| Task instructions |
The listing, minus its pictures, is to be given again exactly.

┌─ Raw data

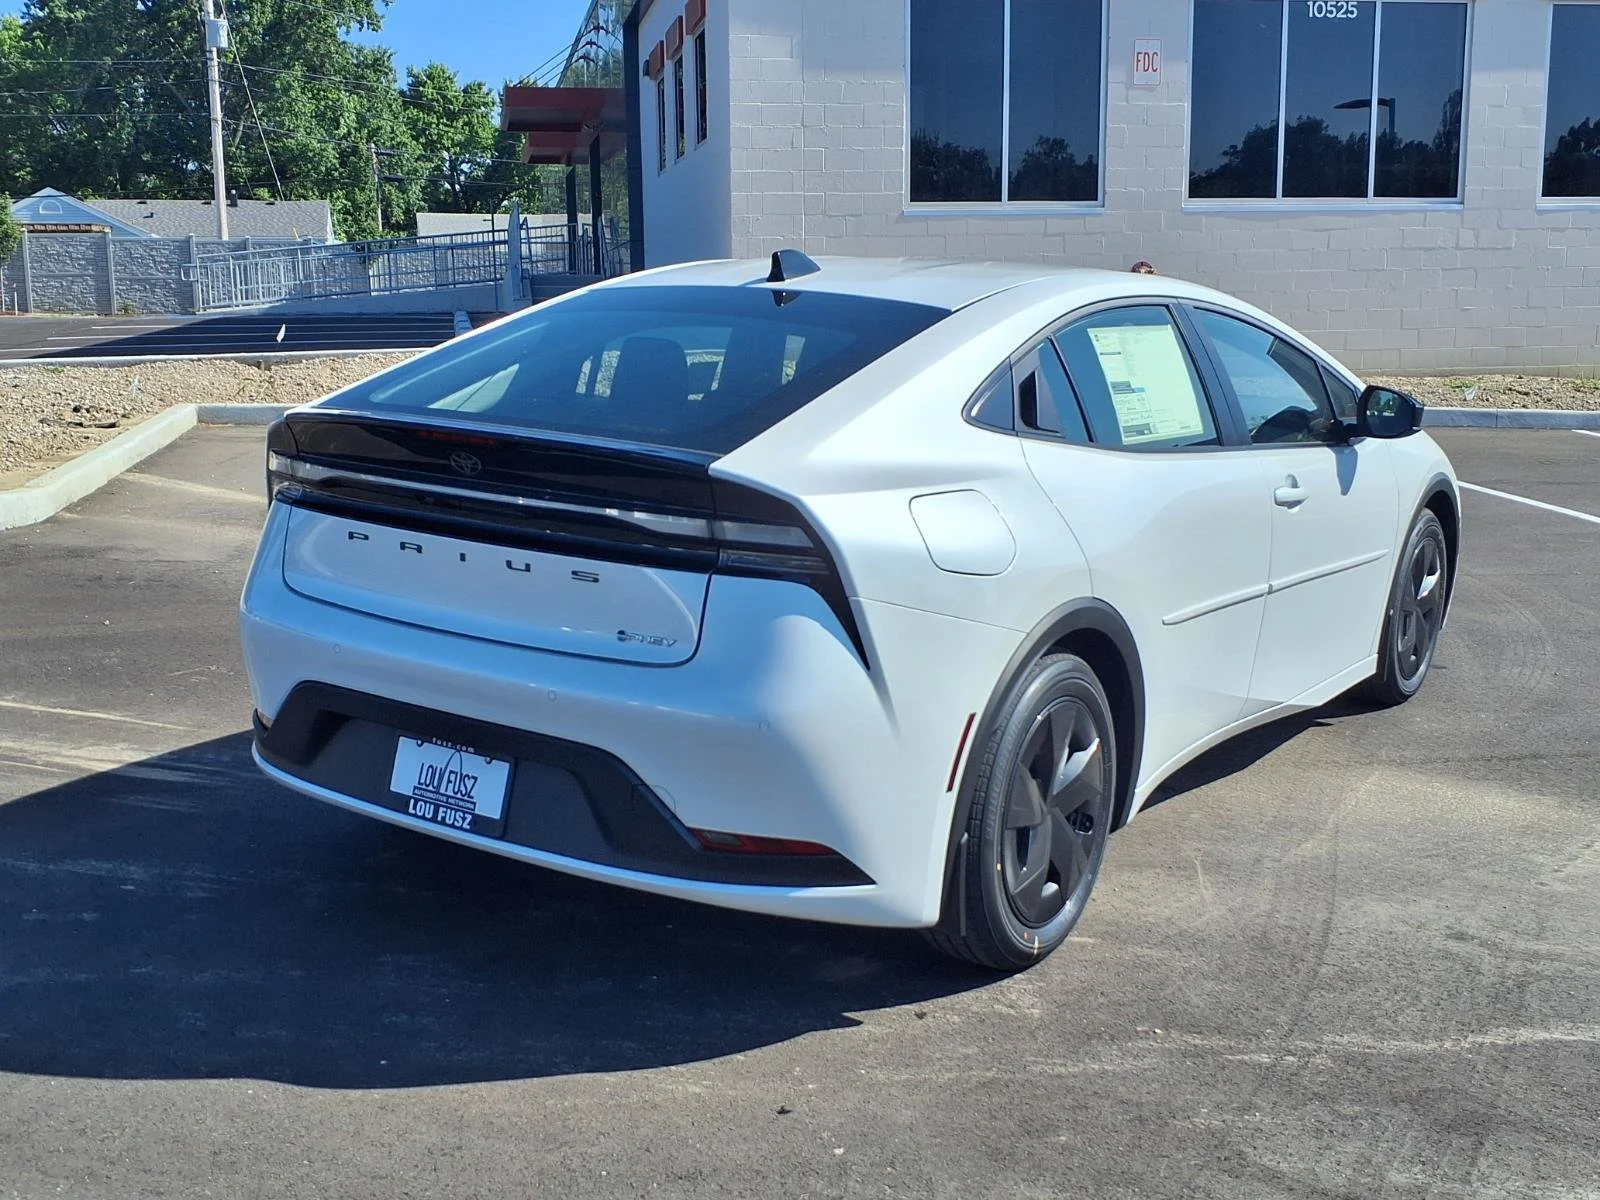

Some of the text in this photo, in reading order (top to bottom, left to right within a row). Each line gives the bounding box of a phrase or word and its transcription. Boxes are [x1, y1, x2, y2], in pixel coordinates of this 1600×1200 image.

[1307, 0, 1358, 19] 10525
[1135, 51, 1159, 73] FDC
[348, 530, 600, 583] PRIUS
[417, 762, 478, 799] LOU FUSZ
[414, 788, 448, 802] AUTOMOTIVE
[408, 798, 473, 829] LOU FUSZ
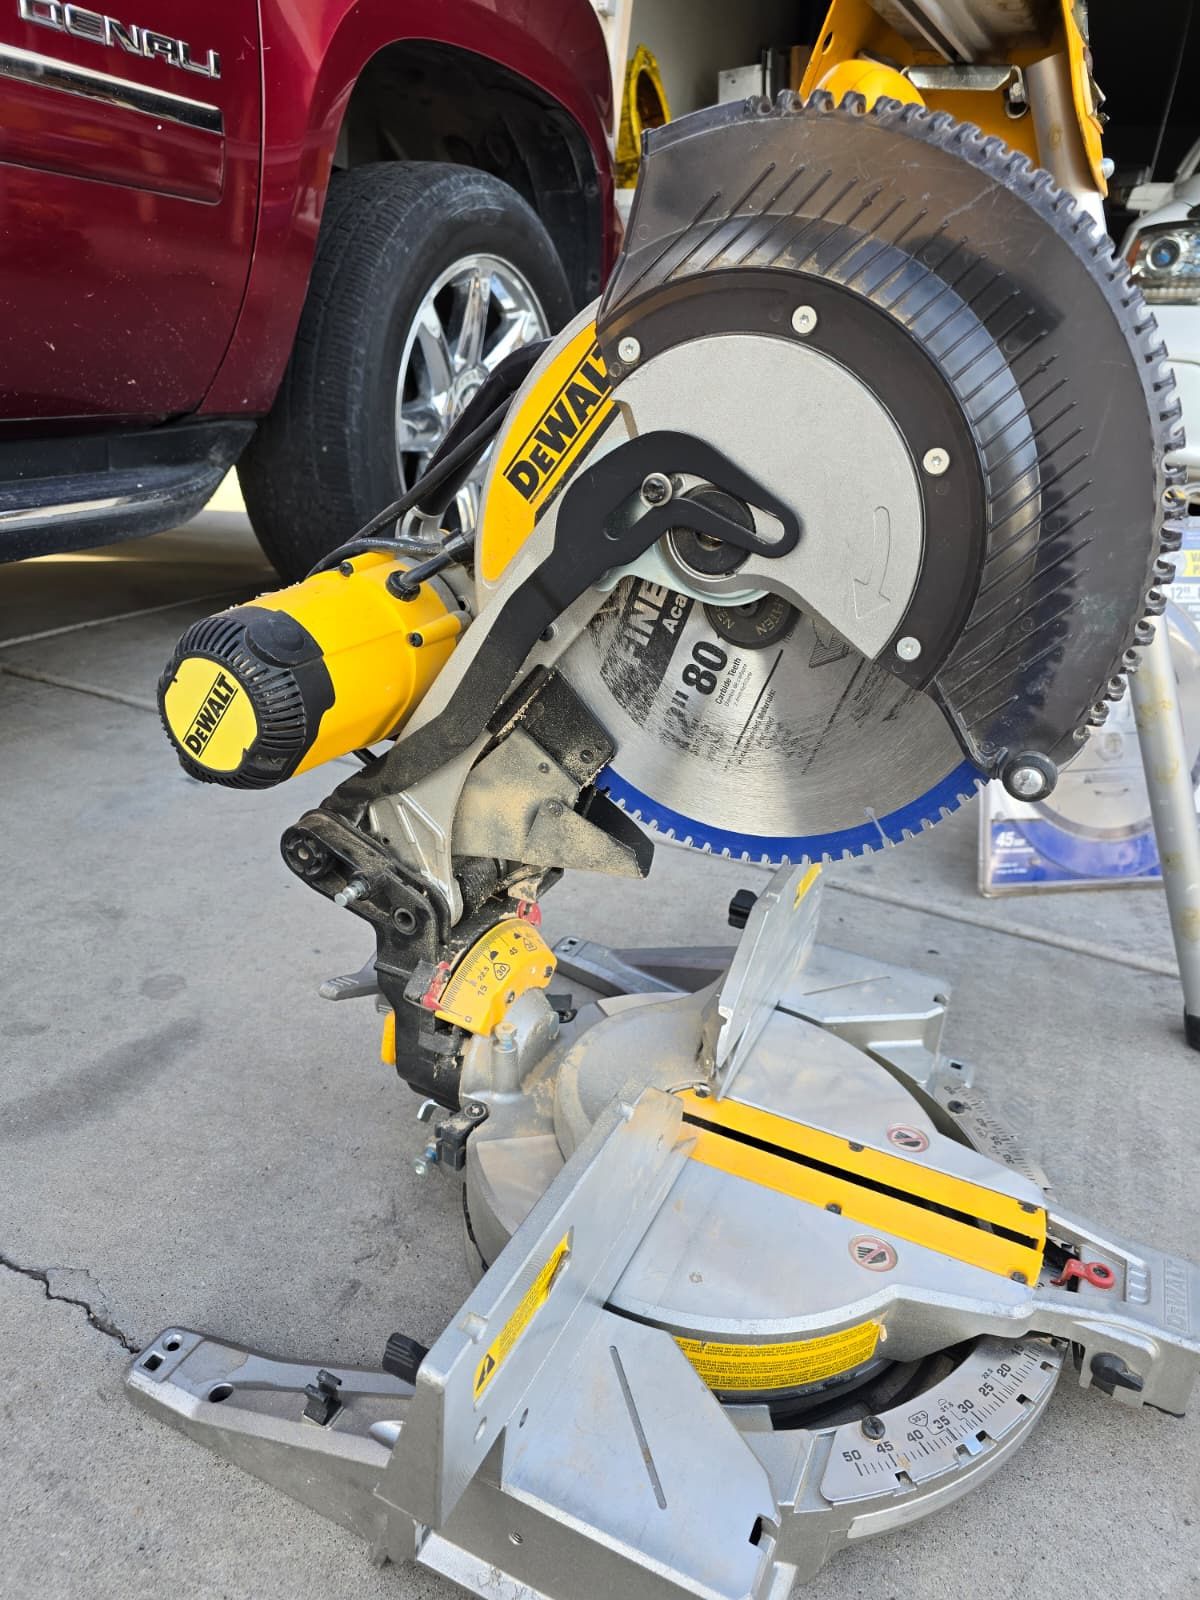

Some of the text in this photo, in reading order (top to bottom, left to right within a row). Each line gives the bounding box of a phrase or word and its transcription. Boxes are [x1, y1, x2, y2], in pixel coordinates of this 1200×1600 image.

[18, 0, 221, 79] DENALI
[682, 641, 728, 695] 80
[715, 678, 732, 705] Carbide
[727, 657, 742, 677] Teeth
[185, 674, 234, 756] DEWALT
[497, 965, 506, 976] 30
[478, 985, 488, 996] 15
[996, 1363, 1011, 1378] 20
[978, 1382, 994, 1397] 25
[957, 1399, 974, 1413] 30
[933, 1415, 951, 1430] 35
[907, 1429, 924, 1442] 40
[876, 1440, 894, 1454] 45
[842, 1449, 862, 1462] 50
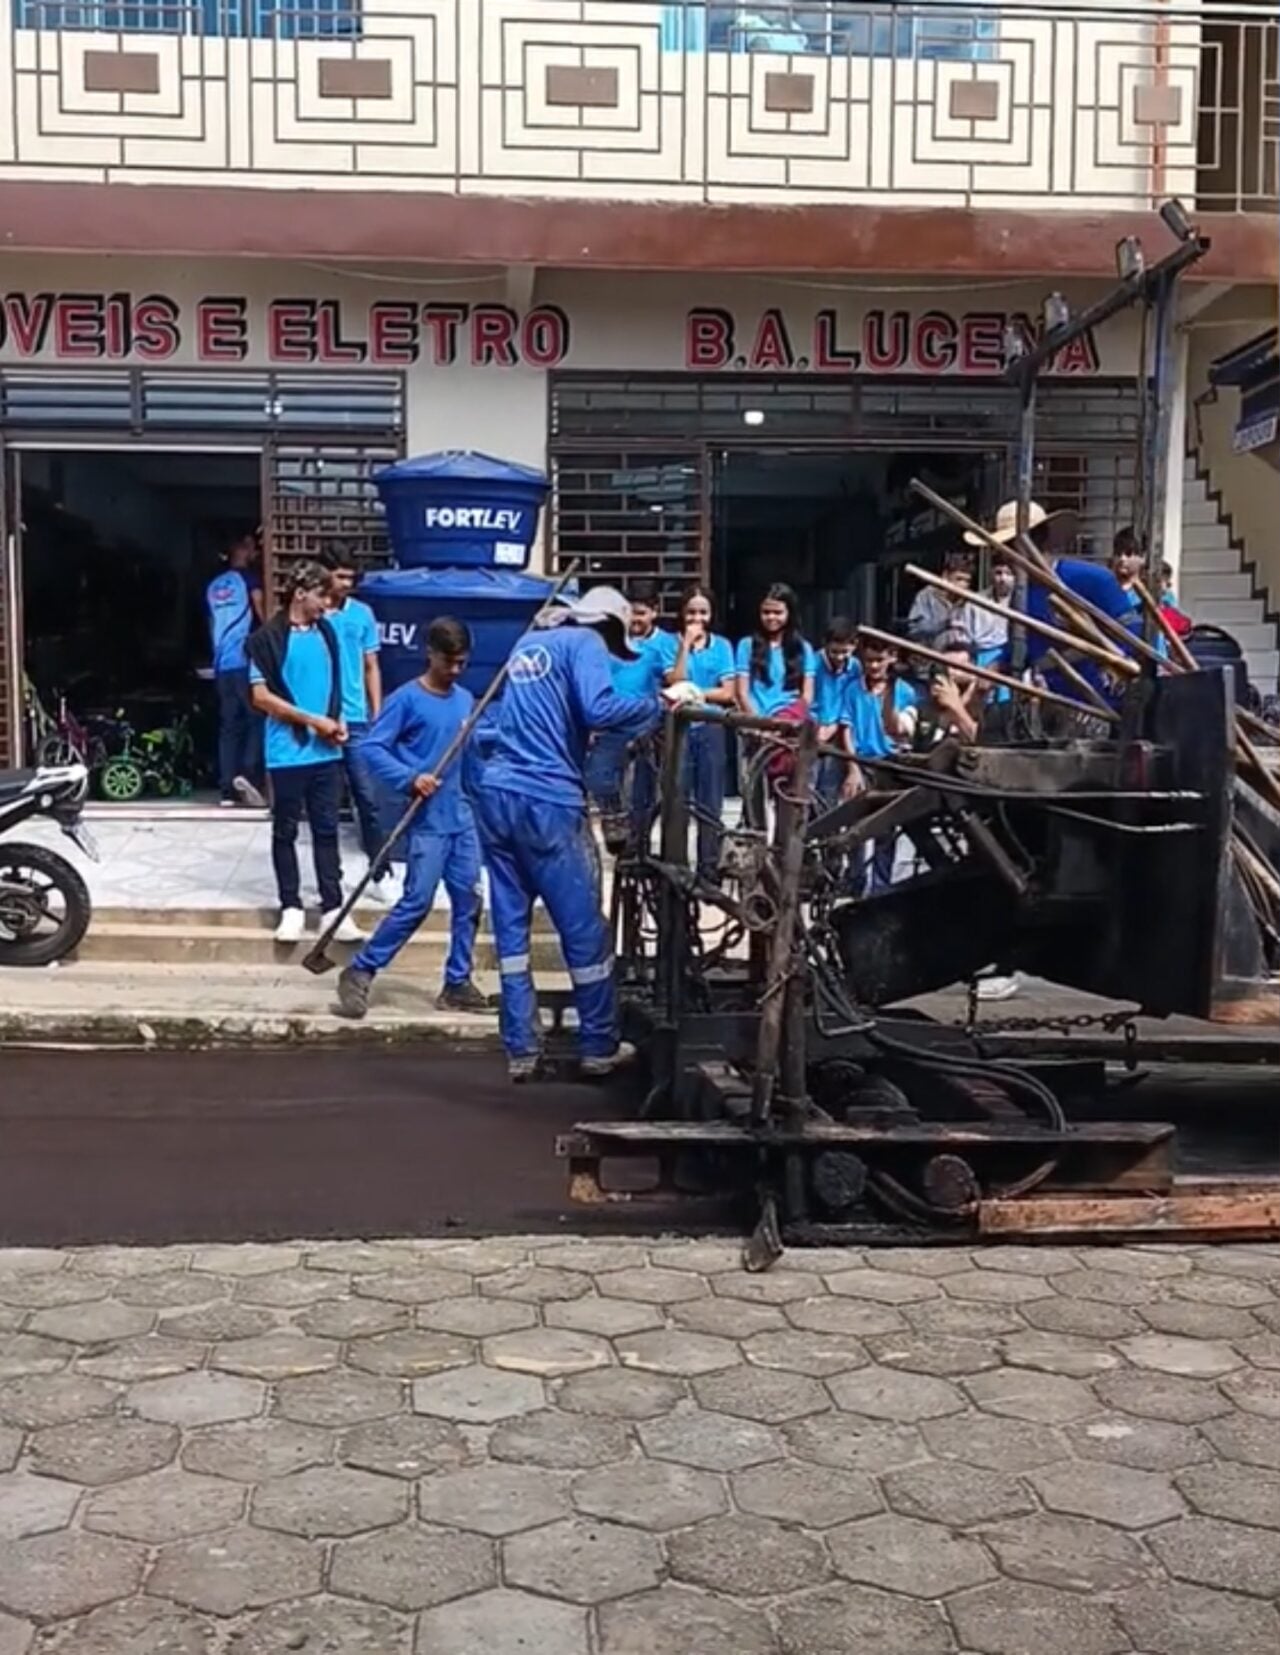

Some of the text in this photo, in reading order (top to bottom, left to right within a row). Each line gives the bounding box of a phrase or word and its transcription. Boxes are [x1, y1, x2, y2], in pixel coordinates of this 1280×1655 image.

[0, 292, 569, 367] VEIS E ELETRO
[425, 507, 522, 530] FORTLEV
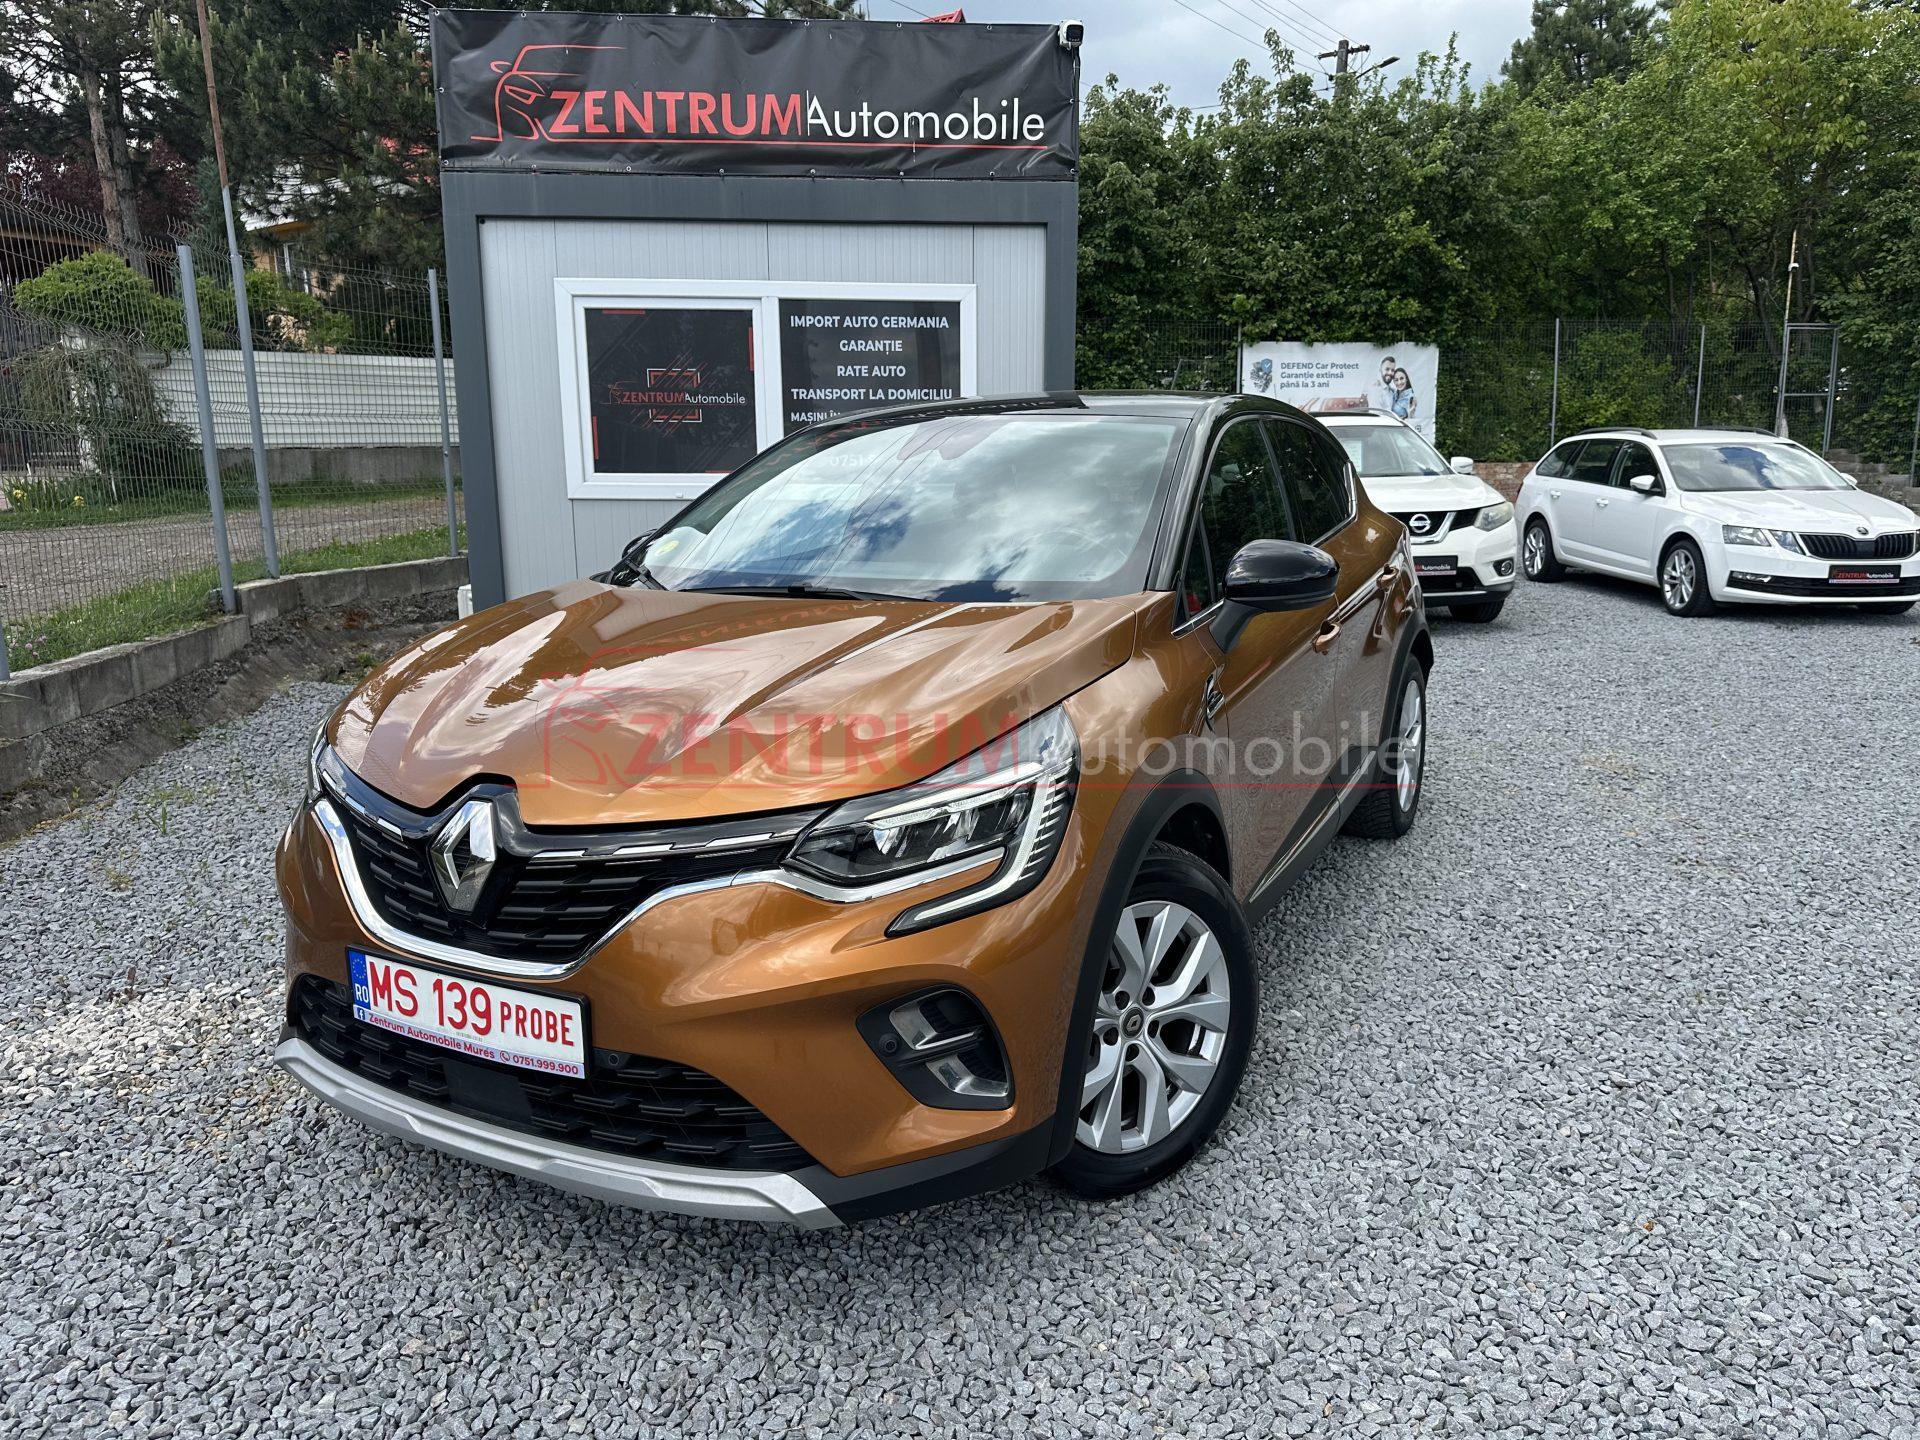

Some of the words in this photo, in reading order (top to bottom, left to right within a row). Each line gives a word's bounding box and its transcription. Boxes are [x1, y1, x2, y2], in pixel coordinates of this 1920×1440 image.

[547, 90, 801, 135] ZENTRUM
[807, 90, 1045, 141] Automobile
[790, 315, 840, 328] IMPORT
[843, 316, 878, 328] AUTO
[882, 316, 949, 329] GERMANIA
[839, 340, 903, 355] GARANȚIE
[837, 365, 868, 377] RATE
[872, 365, 906, 377] AUTO
[1280, 362, 1314, 370] DEFEND
[1315, 362, 1329, 370] Car
[1330, 362, 1360, 370] Protect
[1301, 380, 1309, 388] la
[1310, 380, 1316, 388] 3
[1317, 380, 1330, 388] ani
[622, 391, 685, 404] ZENTRUM
[685, 391, 746, 404] Automobile
[791, 388, 866, 400] TRANSPORT
[869, 388, 884, 400] LA
[888, 388, 953, 400] DOMICILIU
[354, 983, 369, 1004] RO
[369, 961, 418, 1018] MS
[432, 978, 493, 1036] 139
[500, 1000, 575, 1047] PROBE
[368, 1012, 405, 1034] Zentrum
[407, 1026, 462, 1050] Automobile
[463, 1041, 495, 1059] Mures
[512, 1054, 579, 1075] 0751.999.900

└─

| Output of the task |
Some of the text in this photo, in reading order (top to bottom, left to right within a row). Each line gives the bounding box of a phrase or word and its transcription. Boxes are [x1, y1, x2, y2], in pixel coordinates of this 1600×1200 image.

[1307, 0, 1358, 19] 10525
[1135, 51, 1159, 73] FDC
[348, 530, 600, 583] PRIUS
[417, 762, 478, 799] LOU FUSZ
[414, 788, 448, 802] AUTOMOTIVE
[408, 798, 473, 829] LOU FUSZ

Some of the text in this photo, in reading order (top to bottom, left to right within a row). Each line gives the bounding box of a phrase or word and its transcription. Boxes are [x1, y1, x2, y2], in pixel coordinates of this 1200×1600 image.

[18, 0, 221, 79] DENALI
[682, 641, 728, 695] 80
[715, 678, 732, 705] Carbide
[727, 657, 742, 677] Teeth
[185, 674, 234, 756] DEWALT
[497, 965, 506, 976] 30
[478, 985, 488, 996] 15
[996, 1363, 1011, 1378] 20
[978, 1382, 994, 1397] 25
[957, 1399, 974, 1413] 30
[933, 1415, 951, 1430] 35
[907, 1429, 924, 1442] 40
[876, 1440, 894, 1454] 45
[842, 1449, 862, 1462] 50

Some of the text in this photo, in reading order (top to bottom, left to right within a row). Each line gives the bounding box of a phrase or word and its transcription. Boxes are [x1, y1, x2, y2], in pixel coordinates of this 1280×1655 image.

[0, 292, 569, 367] VEIS E ELETRO
[425, 507, 522, 530] FORTLEV

Some of the words in this photo, in reading order (top to bottom, left to right within a row). Each line gives a word's bounding box and its transcription. Boxes are [x1, y1, x2, y2], in pixel coordinates of this 1920×1440 image.

[547, 90, 801, 135] ZENTRUM
[807, 90, 1045, 141] Automobile
[790, 315, 840, 328] IMPORT
[843, 316, 878, 328] AUTO
[882, 316, 949, 329] GERMANIA
[839, 340, 903, 355] GARANȚIE
[837, 365, 868, 377] RATE
[872, 365, 906, 377] AUTO
[1280, 362, 1314, 370] DEFEND
[1315, 362, 1329, 370] Car
[1330, 362, 1360, 370] Protect
[1301, 380, 1309, 388] la
[1310, 380, 1316, 388] 3
[1317, 380, 1330, 388] ani
[622, 391, 685, 404] ZENTRUM
[685, 391, 746, 404] Automobile
[791, 388, 866, 400] TRANSPORT
[869, 388, 884, 400] LA
[888, 388, 953, 400] DOMICILIU
[354, 983, 369, 1004] RO
[369, 961, 418, 1018] MS
[432, 978, 493, 1036] 139
[500, 1000, 575, 1047] PROBE
[368, 1012, 405, 1034] Zentrum
[407, 1026, 462, 1050] Automobile
[463, 1041, 495, 1059] Mures
[512, 1054, 579, 1075] 0751.999.900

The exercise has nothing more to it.